Nuestras iglesias, azotadas por la política de identidad y afligidas por el abuso, necesitan que el Novio nos haga una “casa segura”.  Esta es nuestra última semana de “Convirtiéndonos en las Buenas Nuevas”; en verdad, esto es sólo el comienzo de convertirnos en la Iglesia “cuya apariencia convencional la convierte en un lugar seguro en el que uno puede refugiarse”, también conocido como una “casa segura”.

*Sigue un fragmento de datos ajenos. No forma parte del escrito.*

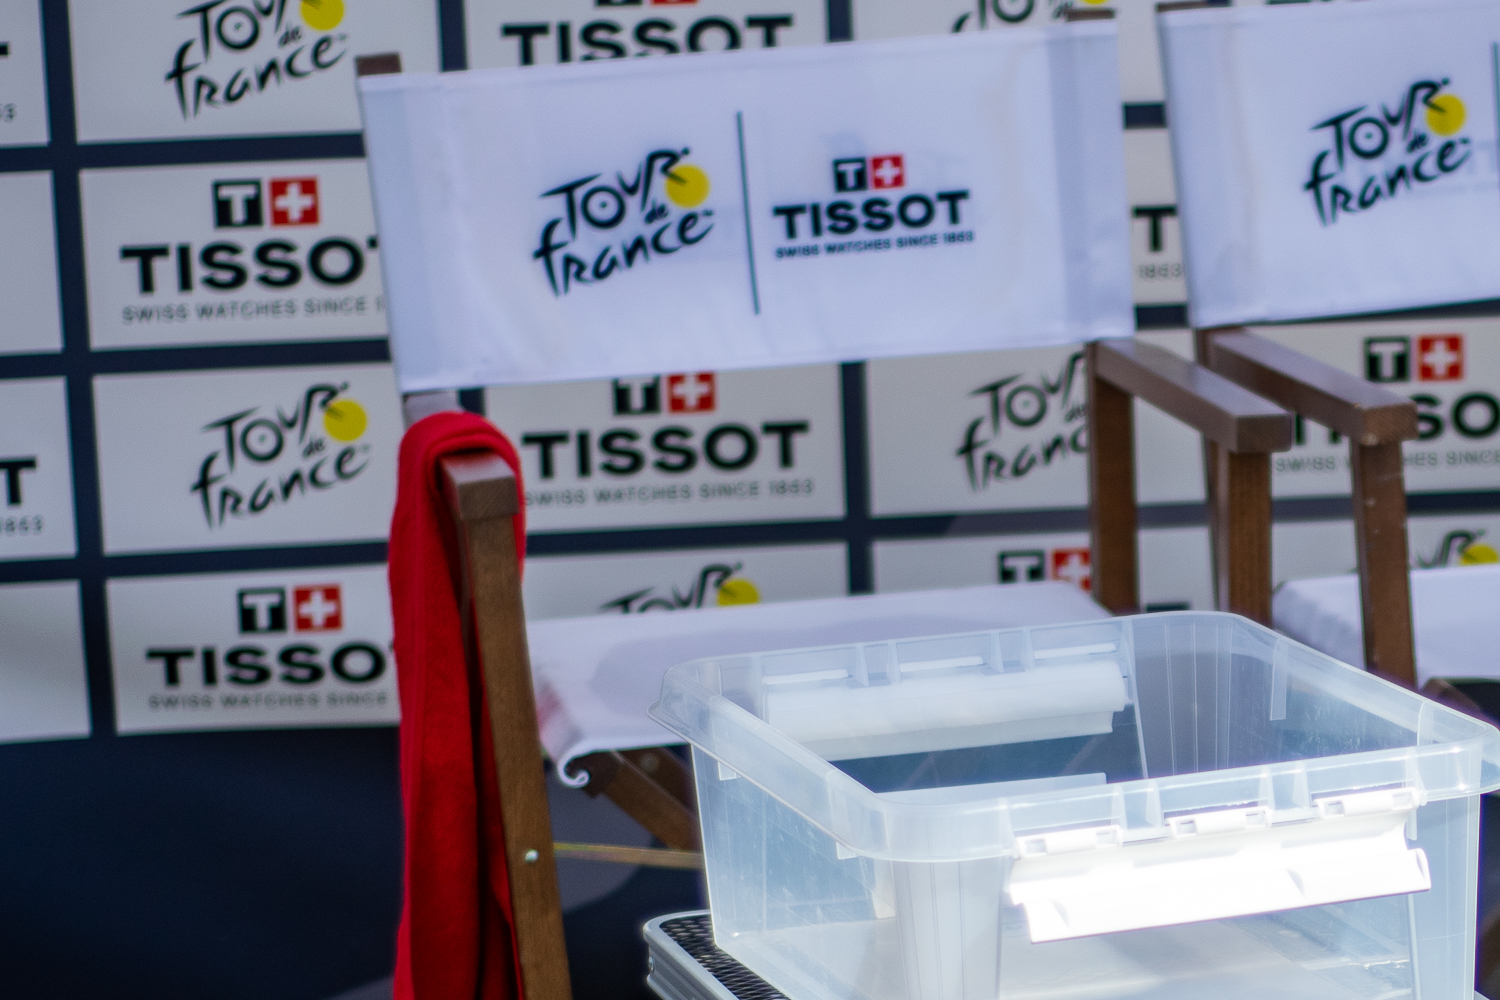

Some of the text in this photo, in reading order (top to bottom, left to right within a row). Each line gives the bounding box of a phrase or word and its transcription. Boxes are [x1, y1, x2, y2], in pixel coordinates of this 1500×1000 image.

[502, 15, 793, 64] TISSOT
[772, 189, 969, 239] TISSOT
[120, 236, 378, 294] TISSO
[533, 211, 714, 297] france
[775, 230, 974, 259] SWISS WATCHES SINCE 1863
[122, 302, 189, 325] SWISS
[195, 299, 296, 321] WATCHES
[304, 296, 367, 314] SINCE
[521, 421, 810, 479] TISSOT
[956, 416, 1087, 492] franc
[594, 485, 691, 504] WATCHES
[700, 480, 759, 499] SINCE
[146, 641, 388, 687] TISSO

Pero ¿cómo puede una Iglesia plagada de inmoralidad convertirse en un santuario para quienes fueron abusados o están confundidos en su identidad?  Respondiendo con una refutación de su afirmación de que el Papa y muchos funcionarios del Vaticano encubrieron a abusadores homosexuales de alto rango, el Arzobispo Vigano escribe: “No es exagerado decir que la homosexualidad se ha convertido en una plaga en el clero…  Es una enorme hipocresía condenar el abuso sexual, clamar llorar por sus víctimas y, sin embargo negarse a denunciar la fuente de tanto abuso: la homosexualidad”.

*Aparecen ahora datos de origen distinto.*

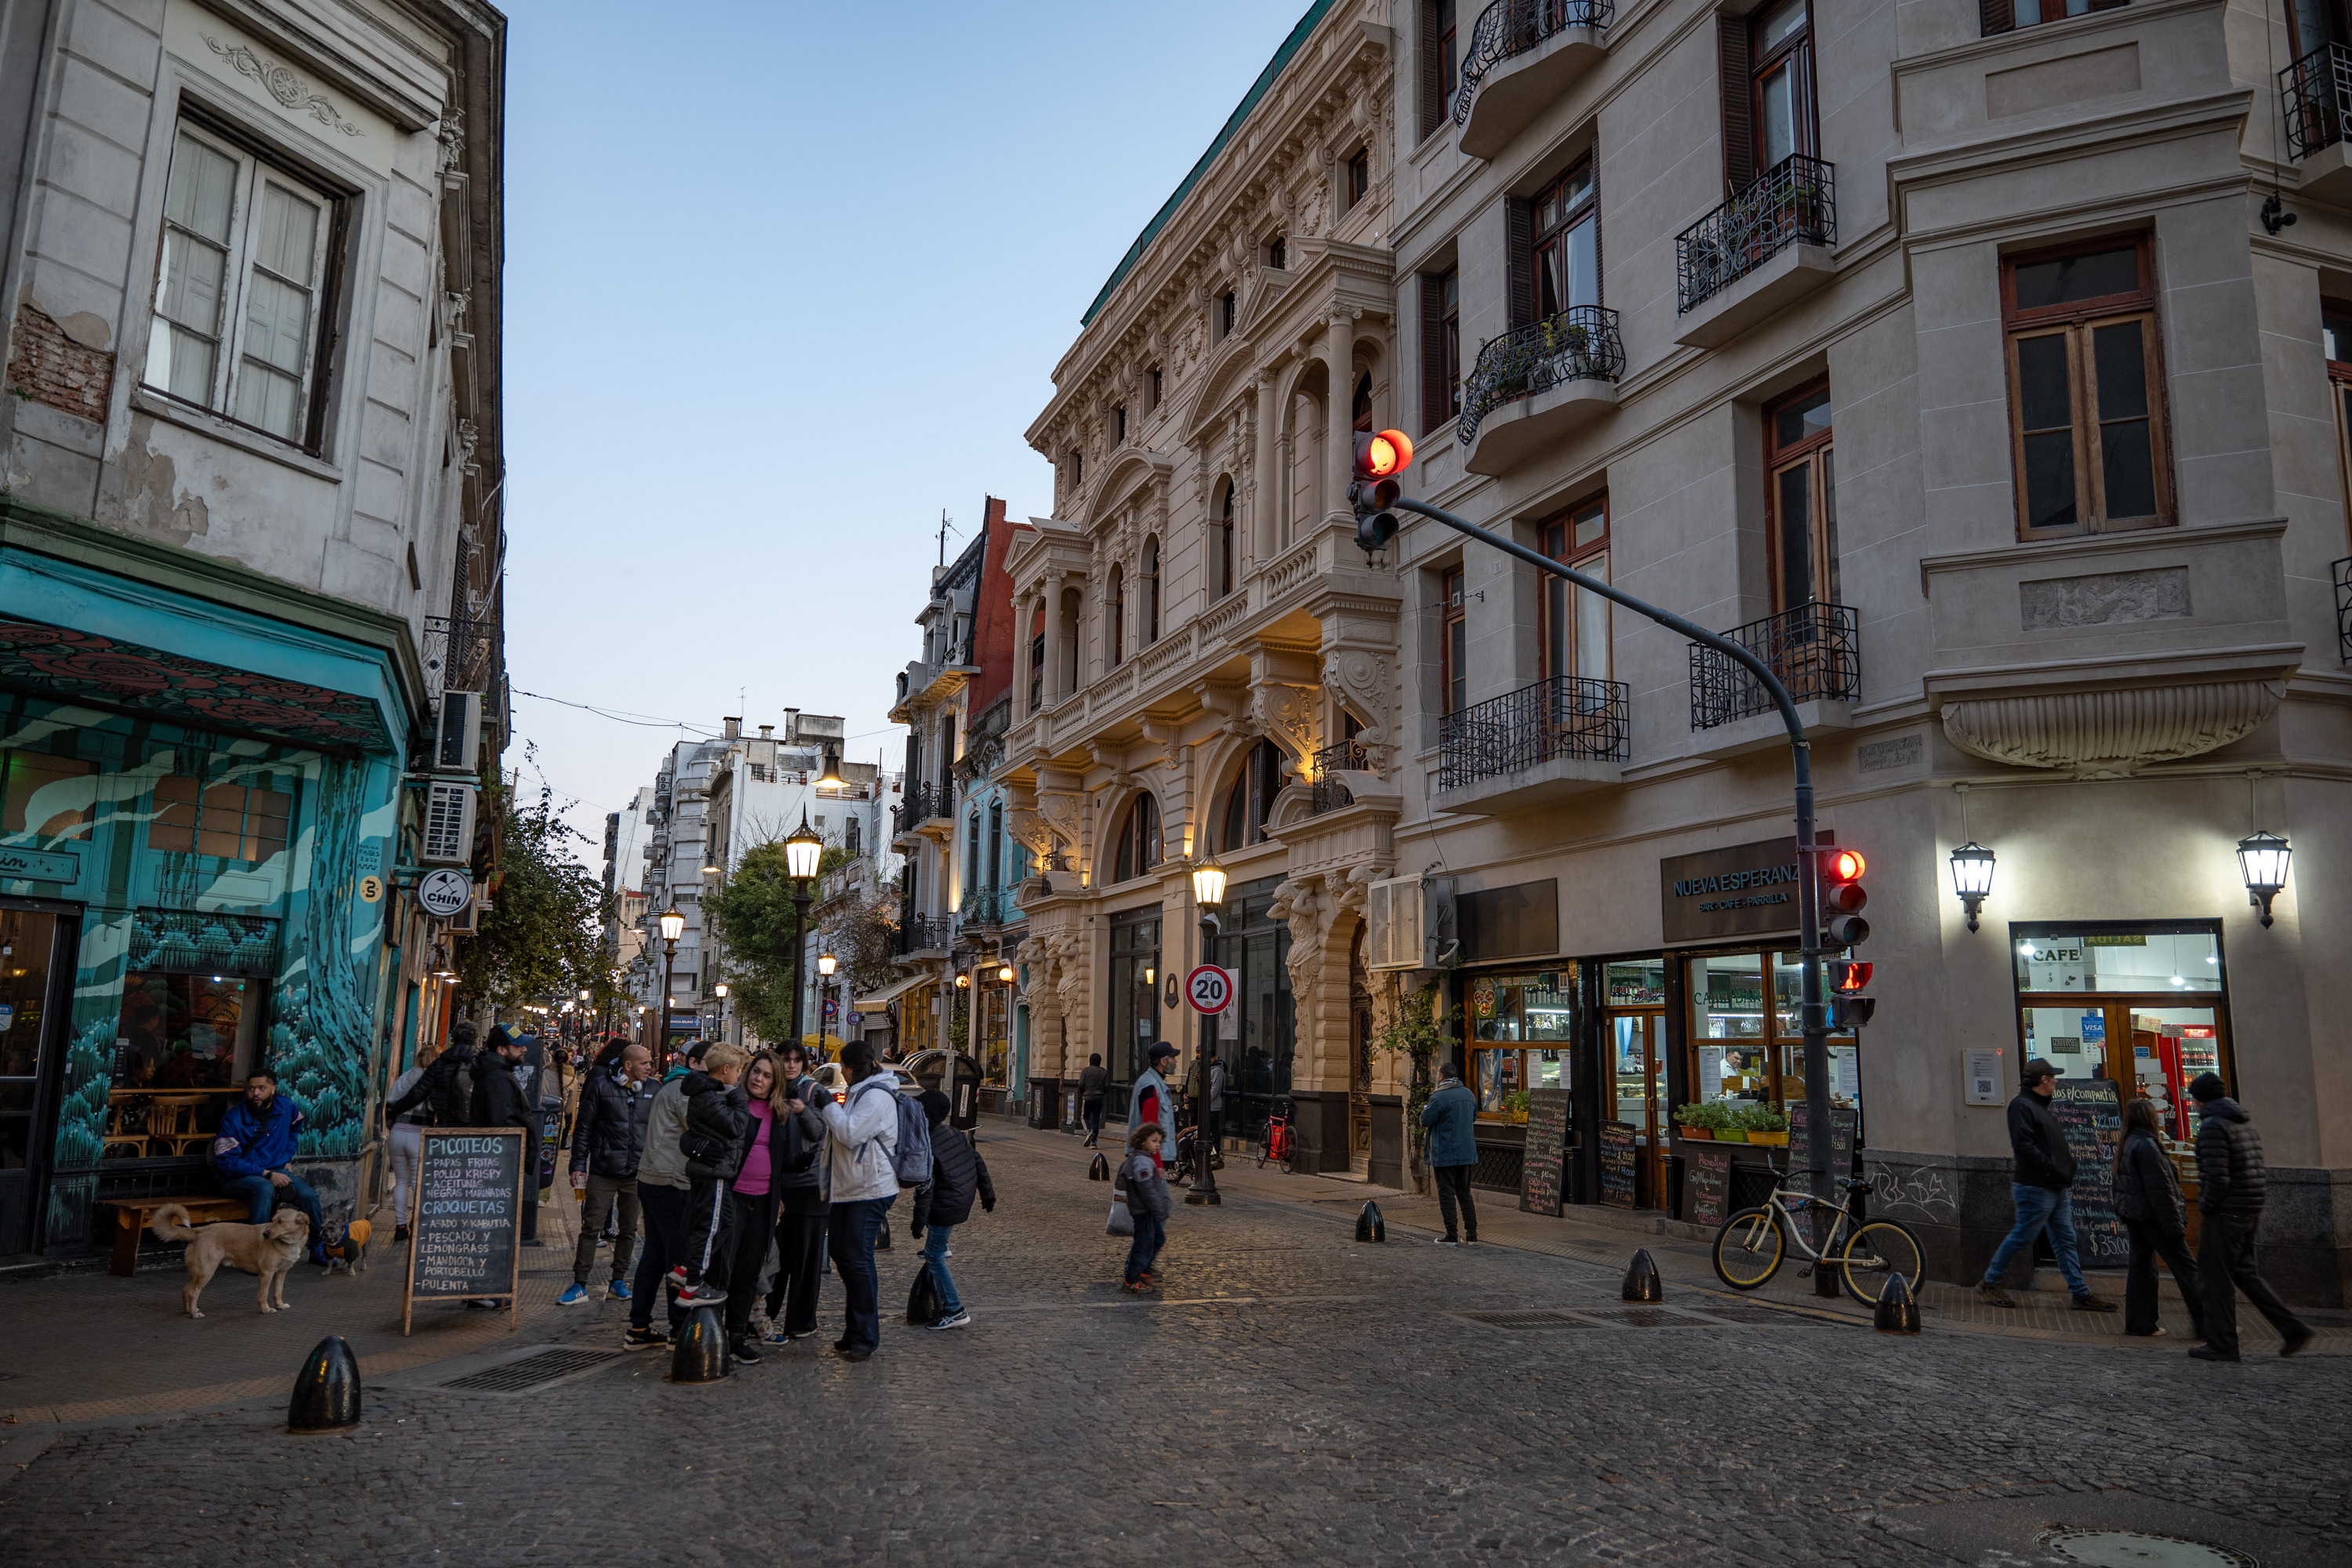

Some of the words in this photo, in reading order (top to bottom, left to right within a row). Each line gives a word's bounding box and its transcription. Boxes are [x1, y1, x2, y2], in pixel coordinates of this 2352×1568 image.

[1674, 876, 1719, 897] NUEVA
[1721, 862, 1799, 891] ESPERANZ
[427, 892, 462, 906] CHIN
[1698, 902, 1714, 912] BAR
[1719, 898, 1740, 910] CAFE
[1747, 892, 1788, 907] PARRILLA
[2033, 949, 2079, 961] CAFE
[1196, 979, 1222, 1000] 20
[2053, 1038, 2078, 1047] NUEVA
[428, 1137, 503, 1155] PICOTEOS
[434, 1158, 461, 1167] PAPAS
[468, 1157, 499, 1167] FRITAS
[434, 1169, 461, 1179] POLLO
[466, 1168, 502, 1179] KRISPY
[433, 1179, 484, 1189] ACEITUNAS
[426, 1188, 463, 1198] NEGRAS
[465, 1187, 512, 1198] MARINADAS
[422, 1200, 506, 1214] CROQUETAS
[430, 1219, 457, 1229] ASADO
[462, 1219, 468, 1228] Y
[470, 1218, 510, 1229] KABUTIA
[429, 1231, 476, 1243] PESCADO
[484, 1231, 491, 1242] Y
[421, 1243, 489, 1254] LEMONGRASS
[426, 1255, 474, 1267] MANDIOCA
[480, 1258, 487, 1268] Y
[424, 1266, 485, 1276] PORTOBELLO
[422, 1279, 469, 1290] PULENTA

¿Por qué orar para que los hijos pródigos regresen a casa a una celebración deshonesta?  Porque Dios está formando un ejército de sanadores heridos que tienen la intención de hacer que la Iglesia sea segura.  Los hombres cobardes en el poder no pueden detener al Señor de los ejércitos.  Él logra lo que Él quiere.  Él quiere liberar a los cautivos a través de Su casa, no a pesar de ella.

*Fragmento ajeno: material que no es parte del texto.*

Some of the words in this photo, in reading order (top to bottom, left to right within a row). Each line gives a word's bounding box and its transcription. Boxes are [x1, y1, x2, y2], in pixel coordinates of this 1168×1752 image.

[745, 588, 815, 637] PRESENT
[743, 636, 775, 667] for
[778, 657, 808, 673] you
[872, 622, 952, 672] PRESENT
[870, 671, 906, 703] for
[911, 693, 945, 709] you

Escribo esto al final de un saliente rocoso que apunta al este de la costa de Connecticut.  Los vientos y la lluvia nos azotan aquí mientras se reúnen los experimentados líderes de Aguas Vivas y los nuevos futuros líderes.  La diversidad de iglesias —desde católicos contemplativos hasta pentecostales efusivos— es impresionante.  Necesitamos de los dones de los demás para convertirnos en casas seguras en nuestras comunidades para cada hija e hijo extraviado que Jesús llama a volver a casa.  ¡En respuesta a nuestras oraciones!

Decimos la verdad sobre nuestras vidas —los deseos desordenados, el abuso que nos dividió, la vergüenza que nos ridiculizó— y la familia de Dios cuyos corazones puros y manos limpias nos ayudaron a reconciliarnos con los dones de género que somos nosotros.  Ningún poder humano puede detener lo que Dios está construyendo.  Estamos siguiendo Su plan: la revelación humilde encontrada por la misericordia Todopoderosa que fluye a través de los miembros de Cristo.  Imparable.  Dios no necesita administradores más inteligentes, evasores más ingeniosos; Él sólo necesita corazones voluntariosos, tiernos y dignos de confianza por la misericordia.

Nosotros tomamos nuestros lugares —sometiéndonos mutuamente a los obispos y pastores a medida que nos convertimos “como piedras vivas, con las cuales se está edificando una casa espiritual, un sacerdocio santo, para ofrecer sacrificios espirituales que Dios acepta por medio de Jesucristo.” (1ª P 2: 5) ¿Nuestro sacrificio?  El nuevo ofrecimiento de nuestras heridas, ahora visibles para todos —lavadas, fraguadas, que se integran en nuestras buenas vidas plenas.  Yo les presento este cortometraje, Chaste Together (Castos Juntos), que describe cómo Aguas Vivas ayuda a crear una “casa segura” en las iglesias locales para quienes fueron abusados y se encuentran afligidos.

Mi esperanza está en Jesús.  No me siento desanimado por las cepas deshonestas en la Iglesia.  No puedo responder por los acusados.  Todo lo que sé es que Dios está movilizando un ejército sanador que cumplirá Sus propósitos —“presentársela a Sí mismo como una novia radiante” (Ef 5: 27), una novia que recibe a los heridos con misericordia y verdad.

“Yo los traeré del país del norte; los reuniré de los confines de la tierra.  ¡Volverá una gran multitud!  Entre ellos vendrán ciegos y cojos, embarazadas y parturientas.  Entre llantos vendrán, y entre consuelos los conduciré.  Los guiaré a corrientes de agua por un camino llano en el que no tropezarán.  Yo soy el padre de Israel; mi primogénito es Efraín” (Jer.  31: 8-10).